Obesity and Insulin Resistance: The Case for Compounded Estrogen Hormone Replacement Therapy
Anne is a 48-year-old woman who is menopausal. Fed up with hot flashes, insomnia, and, most recently, weight gain, she approaches her neighborhood pharmacist about her over-the-counter options. Like many women, she is somewhat nervous about hormone replacement therapy and prefers a more natural approach.
This is a perfect opportunity for the pharmacist to discuss new research that shows that estrogen replacement might actually be beneficial to her long-term health.
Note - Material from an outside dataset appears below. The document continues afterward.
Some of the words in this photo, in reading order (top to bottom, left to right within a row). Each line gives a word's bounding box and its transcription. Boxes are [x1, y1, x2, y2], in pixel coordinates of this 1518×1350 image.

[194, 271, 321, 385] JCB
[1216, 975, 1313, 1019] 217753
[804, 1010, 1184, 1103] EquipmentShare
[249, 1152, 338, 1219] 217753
Estradiol, the dominant form of estrogen, has long been thought of as contributing to weight gain, insulin insensitivity and glucose intolerance, and heart disease. This and the increased risk for reproductive cancers has led the American Congress of Obstetricians and Gynecologists (ACOG) to end their recommendations that women take supplemental estrogen to minimize the risk of developing health complications.
However, physicians have also observed that weight gain and diabetes are significantly more common in women as they age, especially right after menopause when estrogen levels begin to decline dramatically. This fact led some researchers to consider the idea that when it comes to the increased risk of obesity, diabetes and heart disease, “estrogen deficiency, rather than estrogen excess, is a more likely causative factor.”1
As one of the primary providers of bio-identical and compounded hormone replacement therapy, compounding pharmacists must be aware of the potential health implications of both estrogen deficiency and estrogen supplementation.
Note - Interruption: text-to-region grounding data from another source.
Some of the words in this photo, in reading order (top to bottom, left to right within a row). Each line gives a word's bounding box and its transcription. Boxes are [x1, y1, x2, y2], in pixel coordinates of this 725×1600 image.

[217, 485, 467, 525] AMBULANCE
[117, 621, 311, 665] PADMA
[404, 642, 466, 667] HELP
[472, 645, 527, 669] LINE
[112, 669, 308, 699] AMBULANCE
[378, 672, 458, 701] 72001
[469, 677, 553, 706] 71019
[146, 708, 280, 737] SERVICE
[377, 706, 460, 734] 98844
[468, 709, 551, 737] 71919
Role of Estrogen in Obesity and Insulin Sensitivity
Weight gain despite attempts to lose weight is one of the most common complaints among post-menopausal women. Most weight gain occurs because of an increase in visceral adipose tissue (VAT), or fat tissue that is found in the abdomen and surrounds the vital organs.2 This is also, unfortunately, one of the most dangerous places to gain weight, as an increase in VAT is linked to diabetes and other metabolic diseases.
It has been suggested that an environment of estrogen deficiency may lead to an increase in circulating free fatty acids.3 This boosts adipocyte production and insulin insensitivity in the liver and muscles. Muscle cells are unavailable to use glucose properly, leading to weight gain. However, with estrogen supplementation, the muscles are more able to properly use and regulate free fatty acids for energy use.
Adipose tissue itself is an endocrine organ, producing molecules called adipocytokines, which include the interleukins and tumor necrosis factors. These markers are pro-inflammatory and may lead to insulin resistance. Premenopausal women have lower levels of adipocytokines. Further, estrogen may have anti-inflammatory properties, reducing the risk for diabetes, obesity and heart disease.
Counseling Women About Hormone Replacement Therapy
There is a large role that pharmacists can play when it comes to helping women deal with the complexities of hormonal changes after menopause. Hormone replacement therapy (HRT) is still controversial; not all providers agree about the safety and efficacy of estrogen supplementation after menopause and not all women trust these medications either.
Women still suffer from many physical and emotional discomforts during menopause, leading them to look for safer alternatives to hormone replacement therapy, but with the same benefits. As a result, many patients elect to go the “all natural” route, turning to bioidentical hormone therapy.
As compounding pharmacies are the leading provider of bio-identicals, pharmacists are in a position to provide appropriate counsel regarding the cost, safety, efficacy, and what to expect from therapy. They can also discuss the risks and benefits of bioidentical hormone therapy with both patients and women considering these drugs. It also encourages a discussion about other health risks related to aging and estrogen loss, as well as home remedies for menopausal side effects.
Finally, a knowledgeable compounding pharmacist can encourage women to speak with their physician about initiating HRT therapy and can provide customized dosing for their patients. Hormone replacement therapy is not currently recommended by ACOG for use in minimizing health risks like heart disease and diabetes. However, this study suggests that providers at least consider opening the discussion with their patients about the potential benefit of HRT in certain populations.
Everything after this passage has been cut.